ShawnDriscoll opened this issue on Sep 07, 2004 ยท 5 posts
ShawnDriscoll posted Tue, 07 September 2004 at 8:31 PM

Hoofdcommissaris posted Wed, 08 September 2004 at 2:44 AM

ShawnDriscoll posted Wed, 08 September 2004 at 8:06 PM
Ok. It appears afterall that the Interpolation setting works in the opposite of how Eovia describes. Leaving it unchecked should allow for faster renders with ashes left on models, while checking it off and selecting its percentage should determine how slow/precise you want it to render in order to not have ashes.
Hoofdcommissaris posted Thu, 09 September 2004 at 3:58 AM
Of course not. No interpolation means full calculation. Once you check the box, larger parts of the GI and IL are going to be 'guessed by interpolation' by Carrara. The higher the number of the interpolation slider, the higher the precision, because more calculation will be done.

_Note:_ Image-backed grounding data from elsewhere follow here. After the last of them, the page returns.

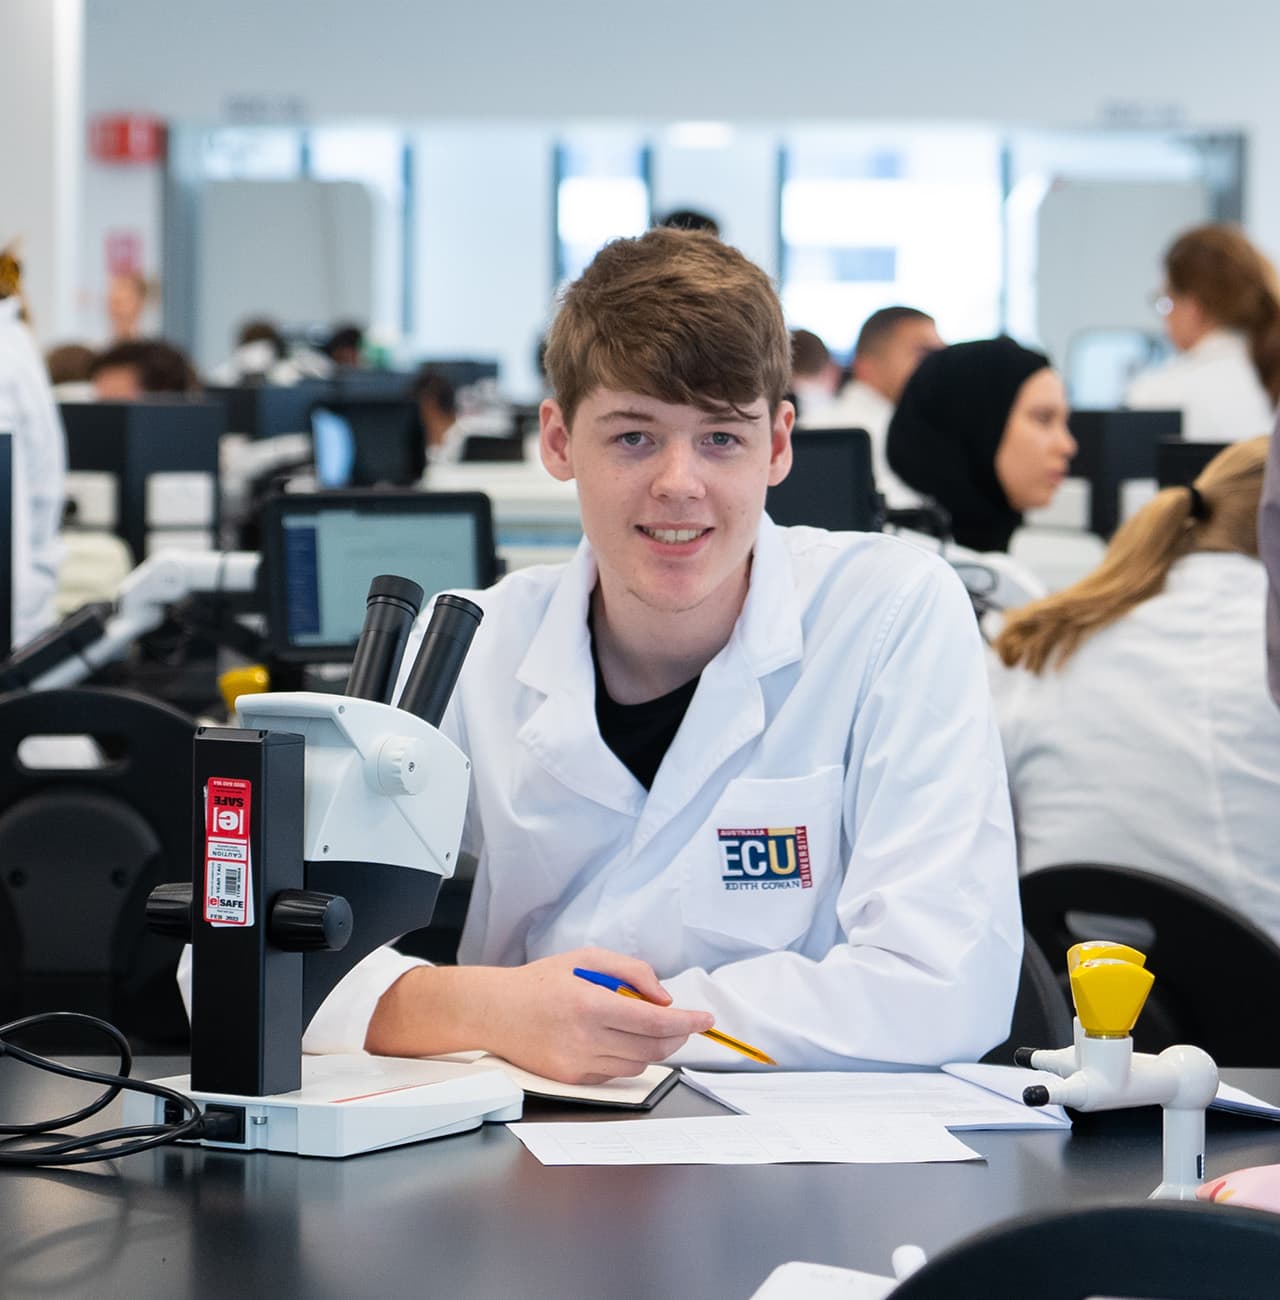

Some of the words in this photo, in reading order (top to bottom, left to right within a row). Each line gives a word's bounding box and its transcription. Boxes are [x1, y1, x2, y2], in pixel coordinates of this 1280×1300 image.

[214, 796, 244, 807] SAFE
[720, 829, 766, 837] AUSTRALIA
[212, 850, 243, 858] CAUTION
[719, 838, 797, 876] ECU
[796, 828, 812, 888] UNIVERSITY
[725, 881, 759, 890] EDITH
[761, 880, 800, 890] COWAN
[220, 899, 244, 909] SAFE

Perfectly logical. Interpolation is a lower-quality and faster way of calculation (not unlike the jpg compression method that describes larger samples of information is) and you give up some quality for increased render speed. Not using any compression/dergrading is always better, but most of these are created to save time and/or space. --- But it seems every answer you get on your questions and remarks will bring you the conclusion that either Carrara or Eovia suck big time (and your brilliant mind has come up with far more superior solutions). If you want to spend your days shaking your head over the dumbness of the rest of the world, that's fine, but on me you do not make a very smart impression. Trying to find things out for yourself (make some test renders with different settings to compare them) is not that hard. That is called 'learning', that does not have to be taken care of by anyone else but yourself.
ShawnDriscoll posted Thu, 09 September 2004 at 4:04 PM
You cleared things up. JPG compression I understand. Your comparison to that is the best I've seen on what interpolation means/does for Carrara renders. Thank you.